The entries below are to be written out exactly, with no images included.

Collected data:
-*-*-

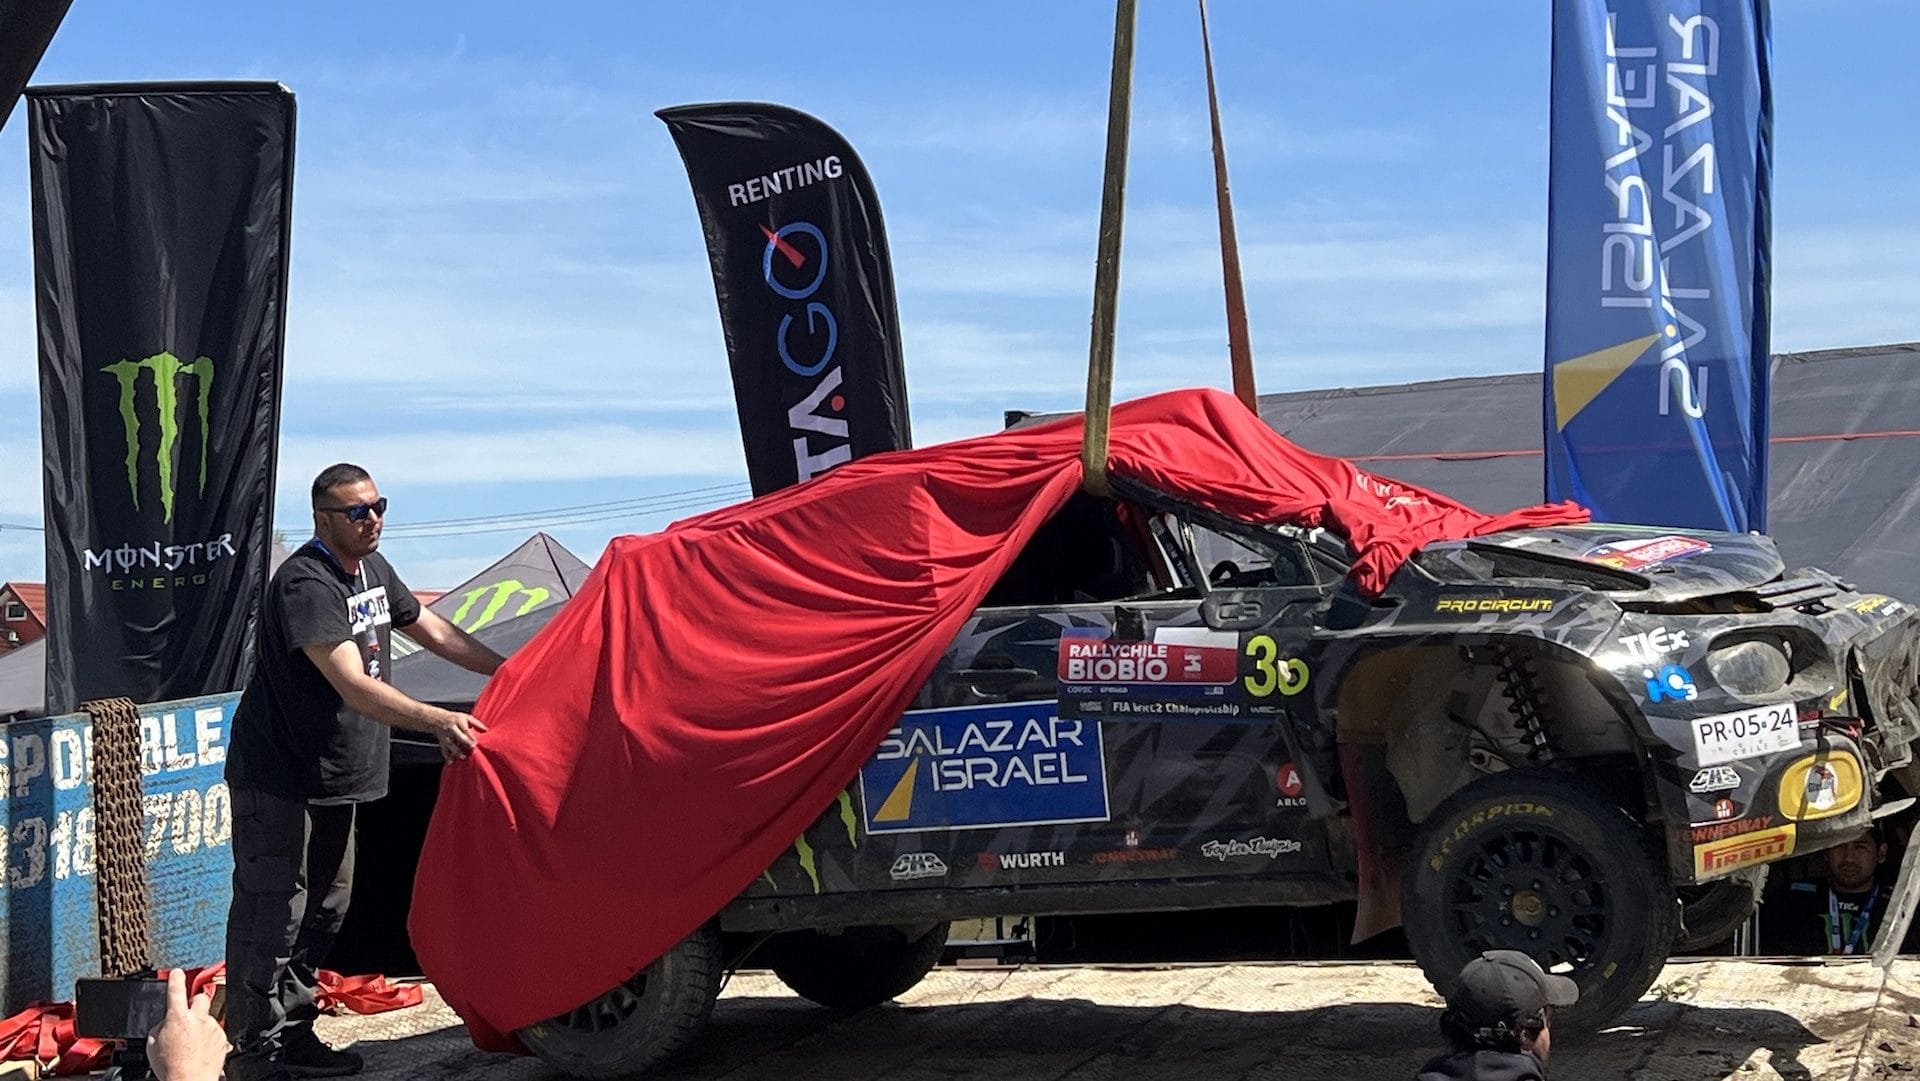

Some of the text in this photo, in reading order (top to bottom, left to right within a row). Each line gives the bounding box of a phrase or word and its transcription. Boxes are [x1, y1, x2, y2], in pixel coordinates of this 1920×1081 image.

[728, 155, 843, 208] RENTING
[112, 574, 212, 590] ENERG
[1436, 599, 1553, 613] PRO CIRCUIT
[1113, 701, 1131, 712] FIA
[876, 716, 1084, 760] SALAZAR
[931, 752, 1088, 792] ISRAEL
[1429, 802, 1553, 872] SCORPION
[1703, 833, 1787, 872] PIRELLI

-*-*-

RESULT ▸
Some of the text in this photo, in reading order (top to bottom, left to right within a row). Each line gives the bounding box of a phrase or word and its transcription. Boxes are [x1, y1, x2, y2], in pixel coordinates of this 1920×1081 image.

[728, 155, 843, 208] RENTING
[112, 574, 212, 590] ENERG
[1436, 599, 1553, 613] PRO CIRCUIT
[1113, 701, 1131, 712] FIA
[876, 716, 1084, 760] SALAZAR
[931, 752, 1088, 792] ISRAEL
[1429, 802, 1553, 872] SCORPION
[1703, 833, 1787, 872] PIRELLI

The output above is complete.